Animal models are important in the understanding of some of the neurotoxic effects that may be experienced short‐ and long‐term in humans.13, 14 The long‐term effects of OP exposure first seen after the Tokyo attack arose from non‐AChE inhibition, because OPs have secondary targets.15 Glutamate is an excitatory neurotransmitter in the brain responsible for critical functions such as cognition, memory, and learning.16 When glutamate is in excess, it can cause excitotoxic neurotoxicity and massive neuronal synaptic damage leading to long‐term neuropsychiatric dysfunction.16 Excess glutamate is a caused by superfluous activation of cholinergic receptors in the brain. Seizures are initially triggered by excess cholinergic hyperactivation, but are continued by persistent glutamatergic transmission within the brain synapses. Effective control of seizures is critical for survival as well as preventing neuronal damage or long‐term neurological dysfunction.

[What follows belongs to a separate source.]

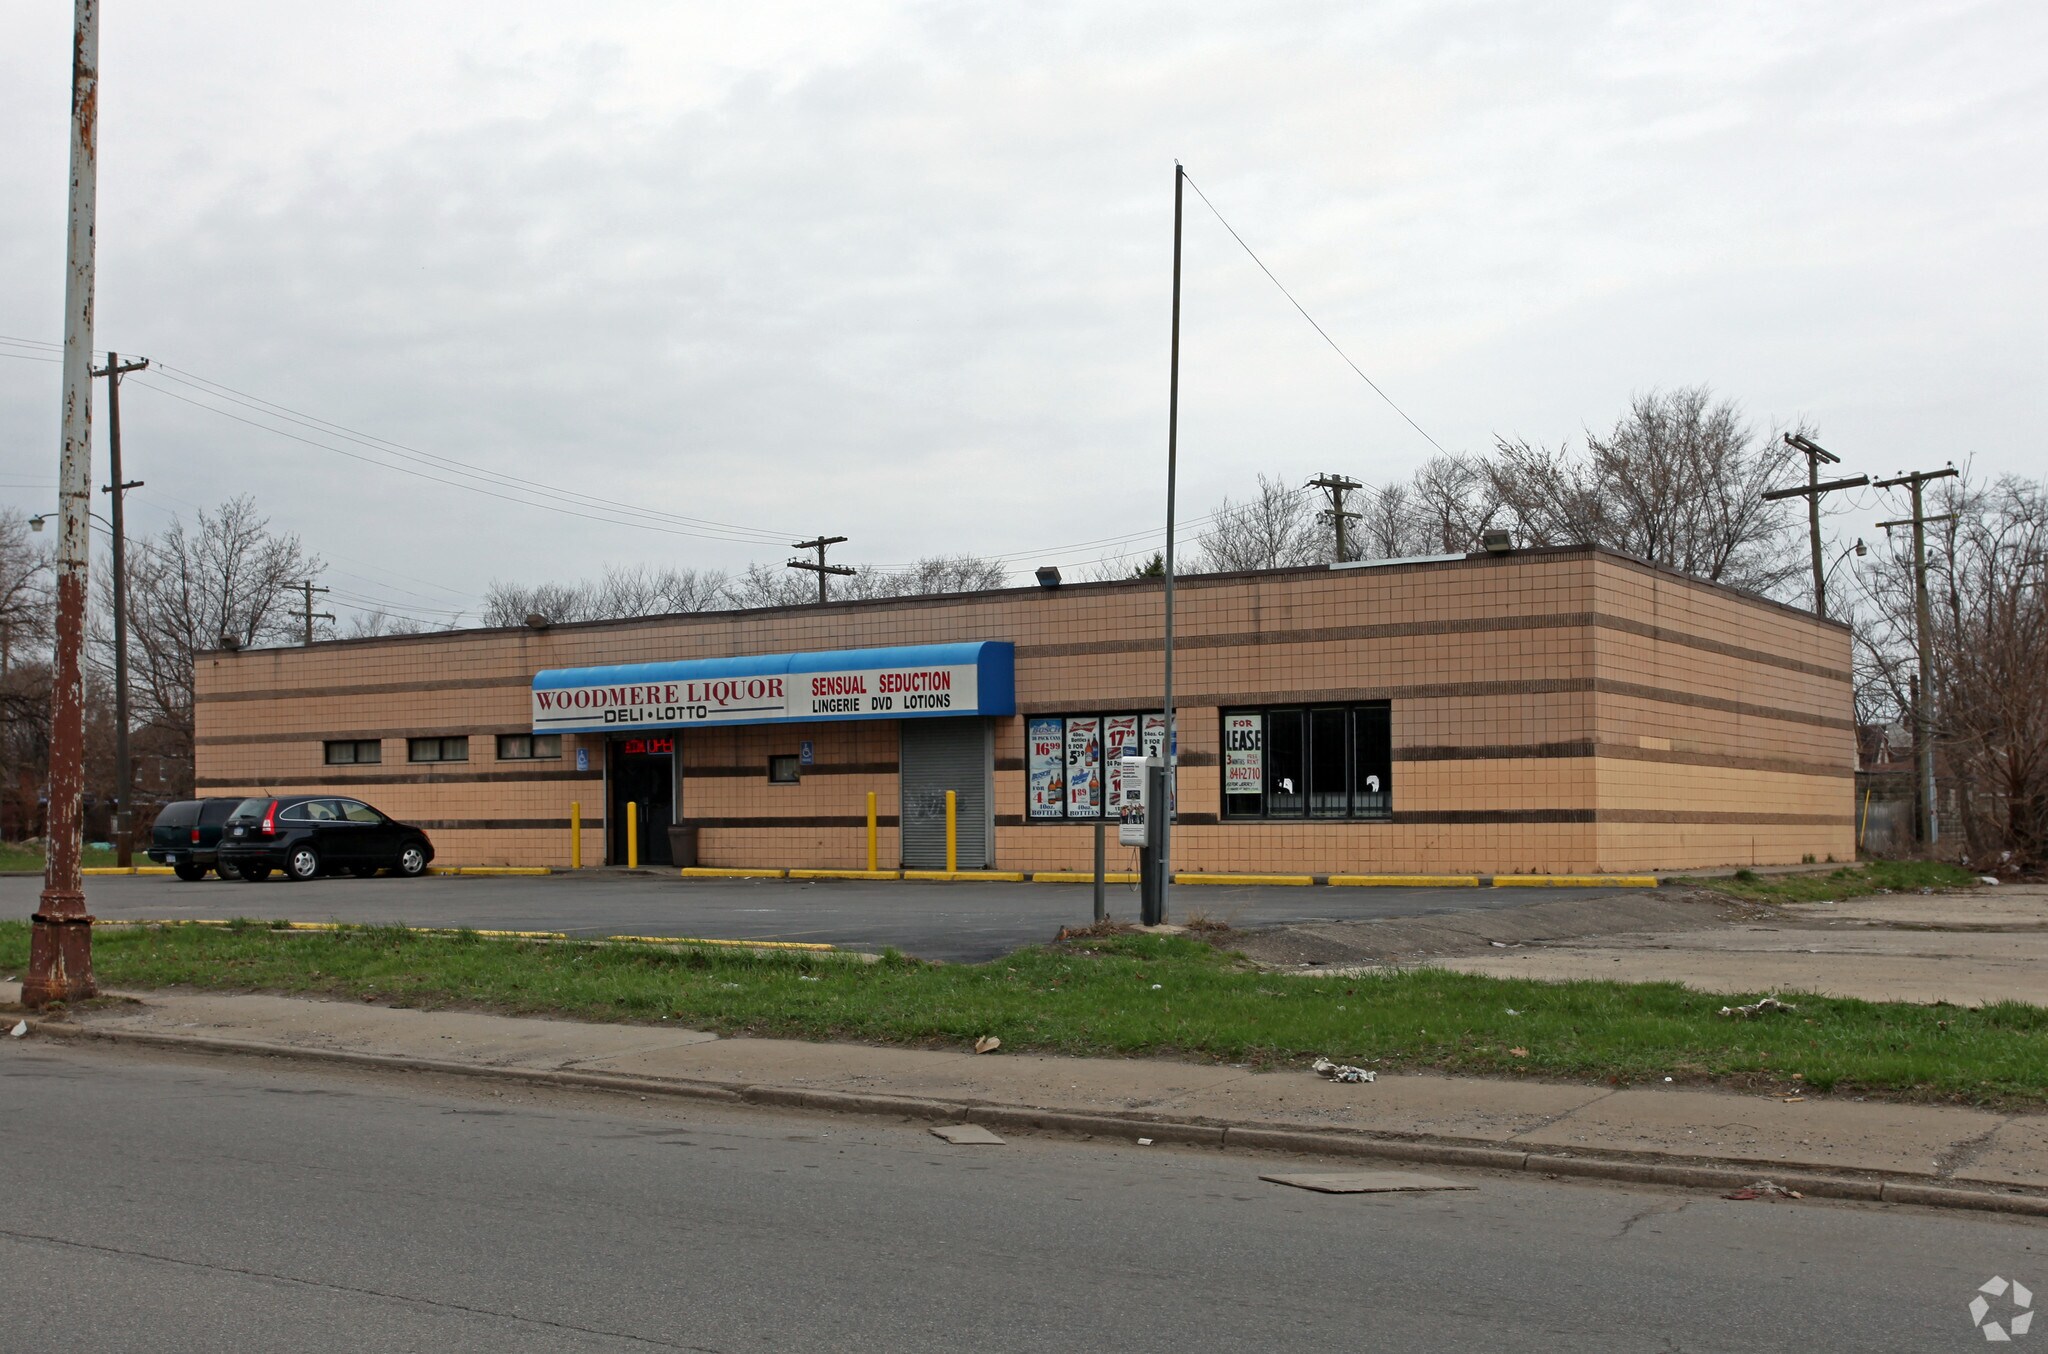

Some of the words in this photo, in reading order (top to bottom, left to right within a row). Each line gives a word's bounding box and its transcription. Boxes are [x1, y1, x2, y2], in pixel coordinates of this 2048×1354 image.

In conclusion, with the vast availability of social media, chemical attacks can be well documented and accessed worldwide. The videos can be used as a research tool to draw conclusions about the victimized population as a whole. By analyzing three separate OP attacks, we were able to compare the toxidrome from each and use a large‐scale deconstruction as a model for comparison and drawing conclusions. By possibly utilizing the Indian case as a future population for long‐term follow‐up and development of chronic toxicity, we can better categorize the delayed neurotoxicity of OP exposure in survivors, as well as increase preparedness should another attack occur. These incidents underscore the need for better antidotes and follow‐up of victims for neurological or long‐term symptoms.
Acknowledgments
The author's preclinical research was supported by the CounterACT Program, National Institutes of Health, Office of the Director and the National Institute of Neurologic Disorders and Stroke [Grant U01 NS083460]. We are grateful to The Economist for the permission to use the timeline chart. The open access publishing fees for this article have been covered by the Texas A&M University Online Access to Knowledge (OAK) Fund, supported by the University Libraries and the Office of the Vice President for Research.
Author Contributions
D.S.R. and E.C. wrote the article; D.S.R. designed the research; D.S.R. and E.C. performed the research; D.S.R. and E.C. analyzed the data.
Conflict of Interest
The authors report no conflicts of interest. The views expressed in this article are those of the authors and do not reflect the official policy of Texas A&M University, the National Institutes of Health, the Department of Defense, or any other United States Government agency.